Em geral não gosto de remakes, tem uns que eu gosto (como o do primeiro Resident Evil), mas o ponto não é bem esse.
Um game tem que nascer de uma ideia, e de uma ideia própria de um game. Por isso também não gosto de adaptações, game desse filme, daquela série, daquela HQ, anime ou qualquer coisa assim. Já fico com um pé atrás com esse tipo de game embora também tenham exceções.

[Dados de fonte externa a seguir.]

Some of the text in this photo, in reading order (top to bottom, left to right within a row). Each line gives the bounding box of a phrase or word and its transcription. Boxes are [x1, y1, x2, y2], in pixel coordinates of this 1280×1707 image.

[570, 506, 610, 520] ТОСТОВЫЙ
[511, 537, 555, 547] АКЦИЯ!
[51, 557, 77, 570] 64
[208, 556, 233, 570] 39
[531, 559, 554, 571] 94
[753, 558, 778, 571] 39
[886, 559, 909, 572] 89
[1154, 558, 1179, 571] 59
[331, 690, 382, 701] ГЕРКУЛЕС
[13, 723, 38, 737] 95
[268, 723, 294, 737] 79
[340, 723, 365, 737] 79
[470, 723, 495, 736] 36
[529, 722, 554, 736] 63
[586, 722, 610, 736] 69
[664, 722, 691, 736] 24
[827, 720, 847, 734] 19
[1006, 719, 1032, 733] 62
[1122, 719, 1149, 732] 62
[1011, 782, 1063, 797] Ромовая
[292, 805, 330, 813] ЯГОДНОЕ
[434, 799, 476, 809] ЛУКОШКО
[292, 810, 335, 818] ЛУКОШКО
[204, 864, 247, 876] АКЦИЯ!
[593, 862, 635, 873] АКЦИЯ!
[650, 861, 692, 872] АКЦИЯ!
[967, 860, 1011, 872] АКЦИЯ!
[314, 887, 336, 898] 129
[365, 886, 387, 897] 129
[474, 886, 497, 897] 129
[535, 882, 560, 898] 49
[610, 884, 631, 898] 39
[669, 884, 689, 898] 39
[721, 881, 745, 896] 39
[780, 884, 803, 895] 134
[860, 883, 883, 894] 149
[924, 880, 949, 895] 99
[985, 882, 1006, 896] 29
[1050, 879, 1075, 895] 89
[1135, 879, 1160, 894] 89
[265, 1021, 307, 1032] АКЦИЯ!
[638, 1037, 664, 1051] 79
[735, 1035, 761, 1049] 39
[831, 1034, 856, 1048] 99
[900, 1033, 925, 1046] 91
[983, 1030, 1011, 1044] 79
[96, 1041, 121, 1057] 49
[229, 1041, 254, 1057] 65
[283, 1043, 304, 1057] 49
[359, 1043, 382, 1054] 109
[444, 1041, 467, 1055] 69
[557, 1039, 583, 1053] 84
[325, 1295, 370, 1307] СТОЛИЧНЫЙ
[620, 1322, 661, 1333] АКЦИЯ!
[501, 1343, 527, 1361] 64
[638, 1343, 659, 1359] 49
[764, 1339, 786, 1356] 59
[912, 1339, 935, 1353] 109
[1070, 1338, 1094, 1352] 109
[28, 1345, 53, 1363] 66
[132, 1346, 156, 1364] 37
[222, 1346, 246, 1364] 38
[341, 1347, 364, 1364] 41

Quando vejo um game novo a primeira coisa que me pergunta é qual é o conceito de videogame que esse game me traz? Existem alguns games que dão exemplos mais claros. Jogos da Platinum se explicam muito bem pelo seus conceitos, Vanquish é um tps baseado em cover, porém, com um twist, você pode deslizar rapidamente para sair de uma bancada de cover a outra, ou então para ir atrás das bancadas de cover adversárias pegando seus inimigos pelas costas. Esse deslizar mais a câmera lenta com um trade off definem o que é Vanquish. Exemplo bem elucidativo, mas se não servir, vamos a outro, Metal Gear Rising. Novamente, um hack'n'slash que aparentemente deveria ser como qualquer jogo do gênero, mas tem seu twist, que é o parry e possibilidade de dilacerar com a espada em vários pedacinhos os inimigos, mas fácil de ser executado que em outros games do gênero. Mas se seguirmos, tem um game que define melhor a filosofia da Platinum, que é Astral Chain.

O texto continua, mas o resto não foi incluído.